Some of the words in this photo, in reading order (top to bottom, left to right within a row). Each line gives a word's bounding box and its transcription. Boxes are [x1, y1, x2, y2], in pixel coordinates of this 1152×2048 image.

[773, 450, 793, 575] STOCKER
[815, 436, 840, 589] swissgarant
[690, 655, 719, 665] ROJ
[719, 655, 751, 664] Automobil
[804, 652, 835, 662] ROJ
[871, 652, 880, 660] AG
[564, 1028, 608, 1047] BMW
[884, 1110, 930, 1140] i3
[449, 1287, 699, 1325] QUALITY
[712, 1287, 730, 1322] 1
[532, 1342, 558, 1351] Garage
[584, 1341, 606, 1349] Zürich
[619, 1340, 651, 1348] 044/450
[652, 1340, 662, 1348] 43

TASK DESCRIPTION:
Repeat the listing in full, keeping every line exactly as it is.

RESPONSE AREA:
Some of the words in this photo, in reading order (top to bottom, left to right within a row). Each line gives a word's bounding box and its transcription. Boxes are [x1, y1, x2, y2], in pixel coordinates of this 1152×2048 image.

[773, 450, 793, 575] STOCKER
[815, 436, 840, 589] swissgarant
[690, 655, 719, 665] ROJ
[719, 655, 751, 664] Automobil
[804, 652, 835, 662] ROJ
[871, 652, 880, 660] AG
[564, 1028, 608, 1047] BMW
[884, 1110, 930, 1140] i3
[449, 1287, 699, 1325] QUALITY
[712, 1287, 730, 1322] 1
[532, 1342, 558, 1351] Garage
[584, 1341, 606, 1349] Zürich
[619, 1340, 651, 1348] 044/450
[652, 1340, 662, 1348] 43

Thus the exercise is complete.